Derive and externally validate a planning CT cardiovascular risk phenotype (CAC + EAT + aortic calcification + myocardial radiomics) for lifetime MACE in thoracic radiotherapy cohorts.

HypothesisAn integrated multi-structure planning CT phenotype outperforms Agatston CAC alone and conventional clinical risk scores (ASCVD, SCORE2) for predicting MACE in patients undergoing thoracic radiotherapy for breast, lung, esophageal, and lymphoma indications.

Approach
  • HIER cohort (retrospective planning CTs plus longitudinal cardio-oncology outcomes) as the derivation set.
  • Dartmouth cohort under the umbrella IRB as the external validation set.
  • Multitask deep-learning model with radiomic and deep features and a competing-risks time-to-event head (Fine–Gray).
  • Calibration, decision-curve, and subgroup analyses stratified by sex, age, cancer site, and mean heart dose.
Deliverables
  • Locked, externally validated model with TRIPOD+AI report.
  • Nomogram and web calculator integrated into the HIER dashboard.
C
Future idea · click to expand

Model cardiac substructure dose–response for cardiovascular events using auto-segmented planning CT and harmonized biomarkers, and derive substructure dose constraints.

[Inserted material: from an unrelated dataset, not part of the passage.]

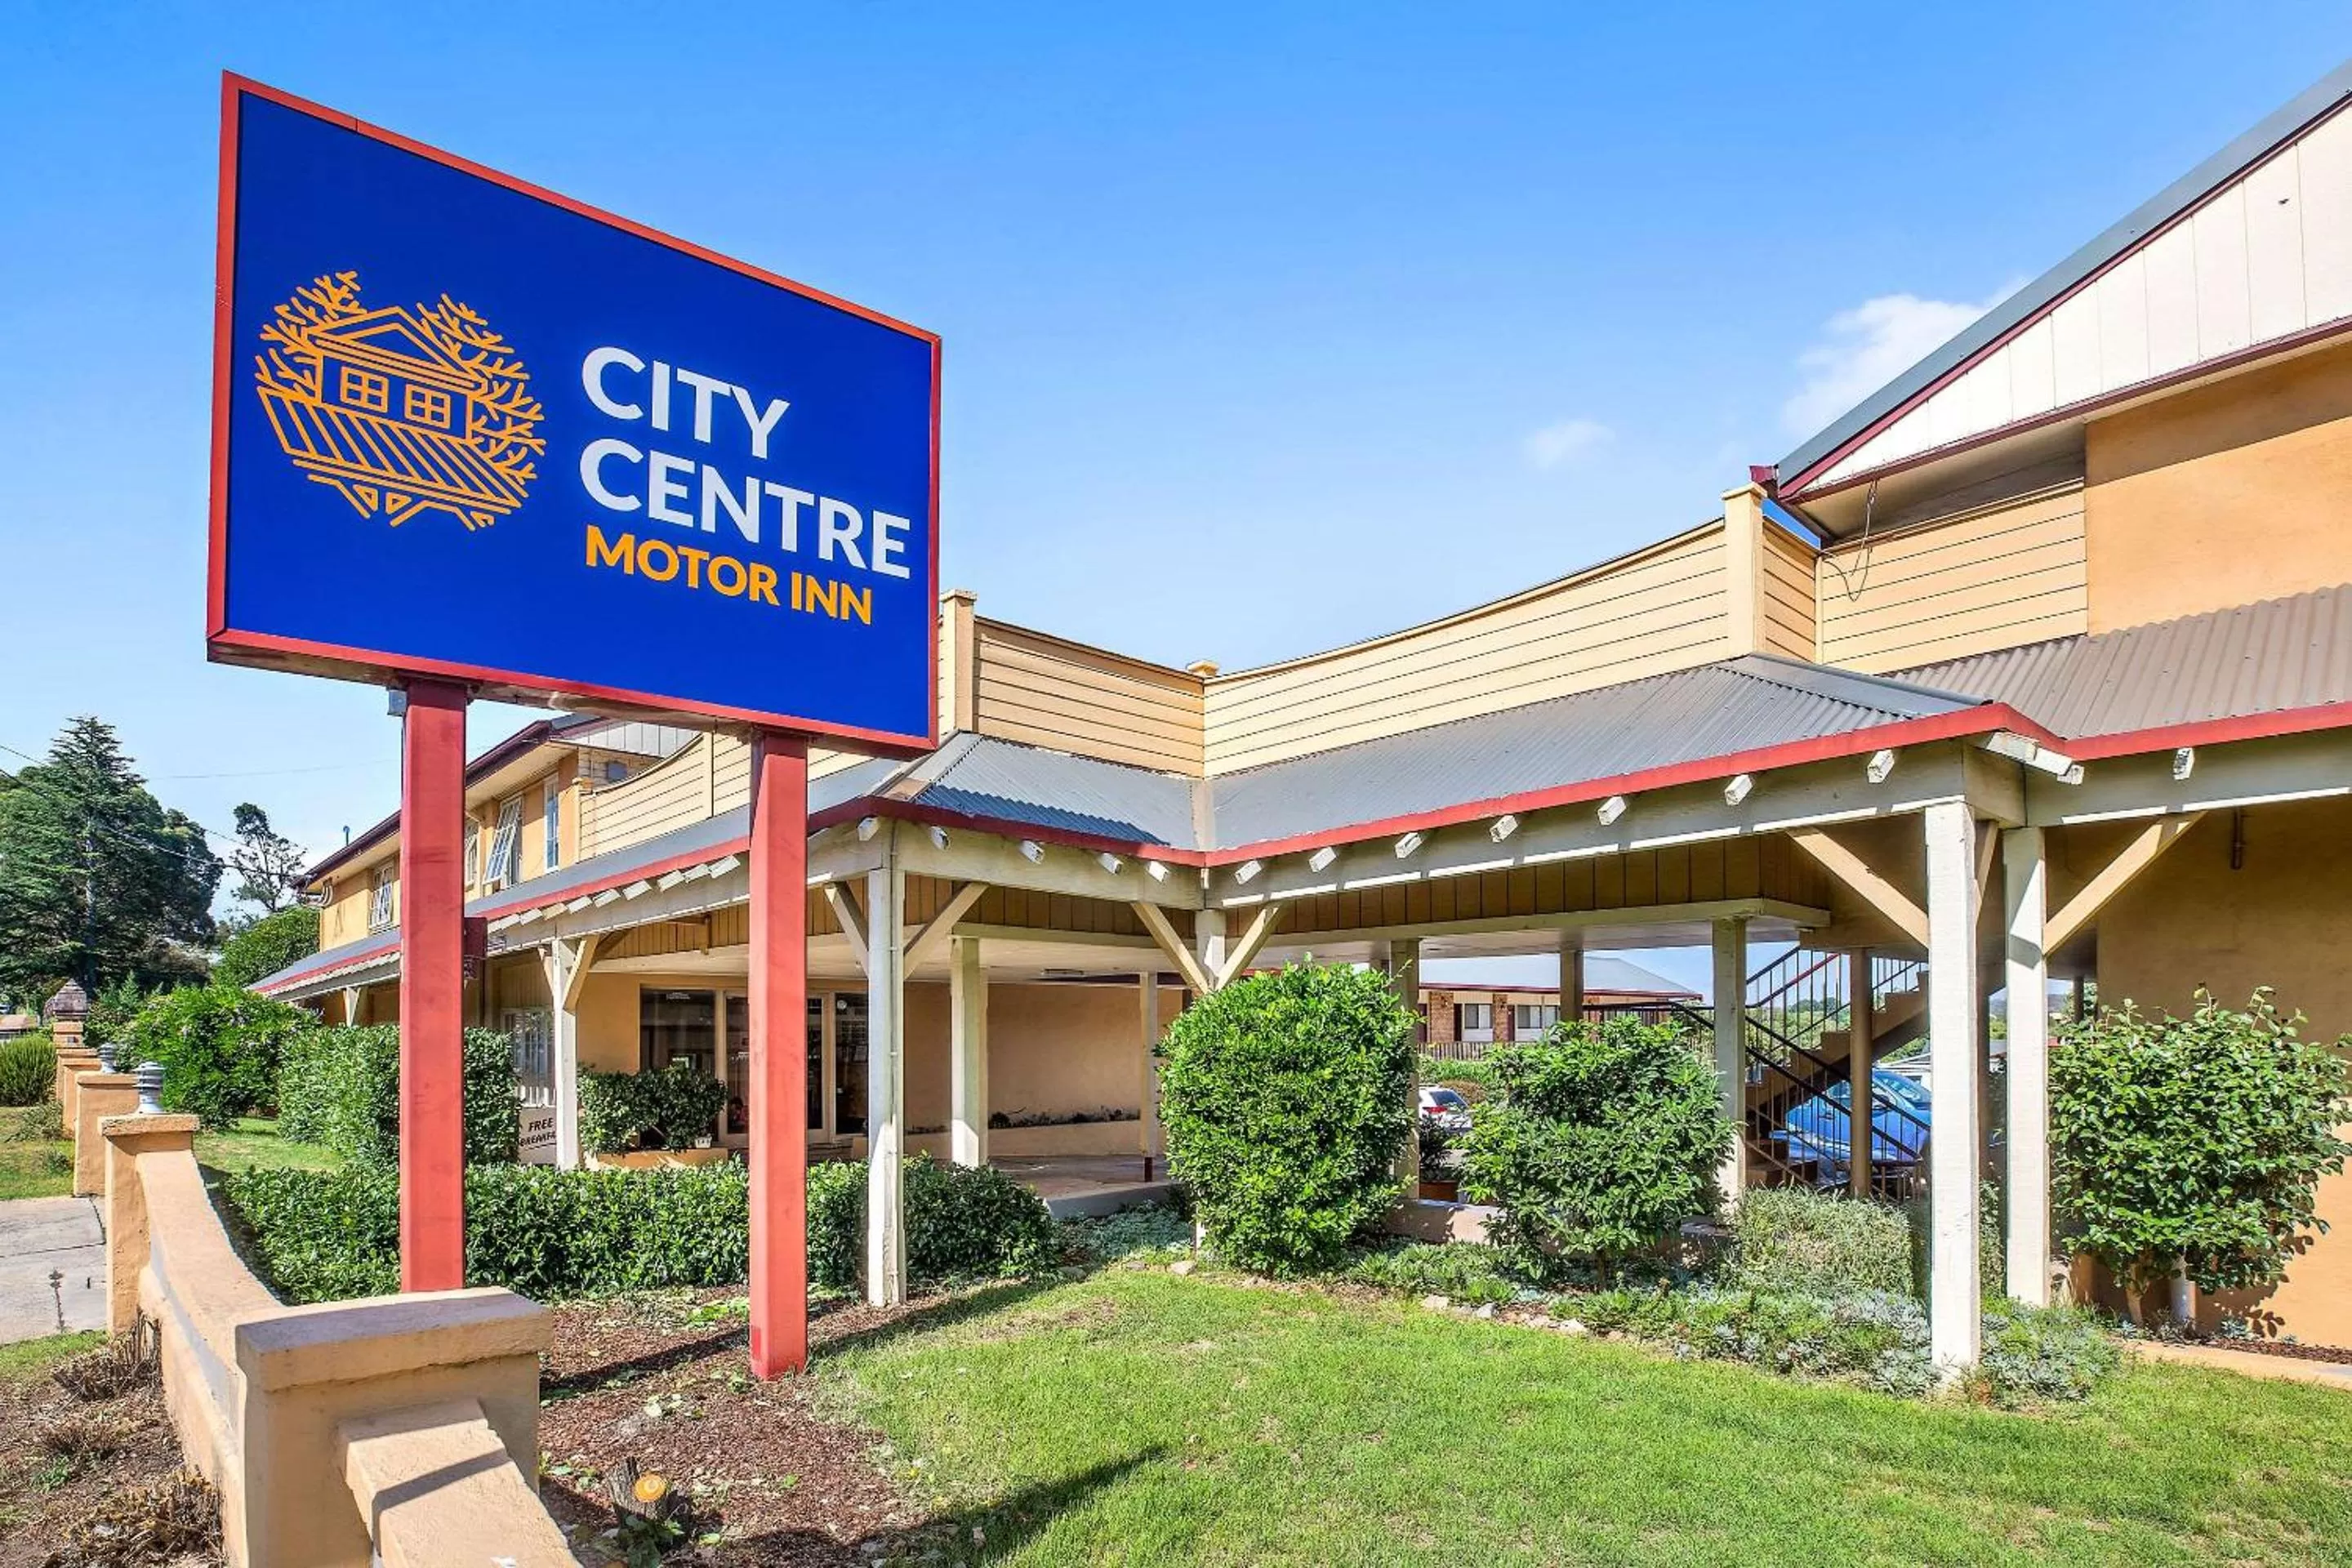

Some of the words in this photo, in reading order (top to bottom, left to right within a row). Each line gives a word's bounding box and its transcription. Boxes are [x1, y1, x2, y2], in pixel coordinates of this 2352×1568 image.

HypothesisMean and near-max doses to specific cardiac substructures (LAD, left main, LV, LA, sinoatrial node, atrioventricular node) — combined with the harmonized baseline phenotype — reveal dose–response thresholds not visible with whole-heart mean dose.

Approach
  • Deploy validated cardiac substructure auto-segmentation (TotalSegmentator plus in-house refinement) across both institutions.
  • Recompute DVH metrics on harmonized planning CTs; extract EQD2-corrected doses.
  • Cox and machine-learning competing-risks models with baseline phenotype × substructure dose interaction terms.
  • Bootstrap-derived dose constraints with uncertainty intervals, benchmarked against RTOG and QUANTEC.
Deliverables
  • Substructure-level dose constraints report.
  • Integration into HIER treatment planning QA dashboard.
  • Preliminary data package for NIH R01/P01 or DoD BCRP submission.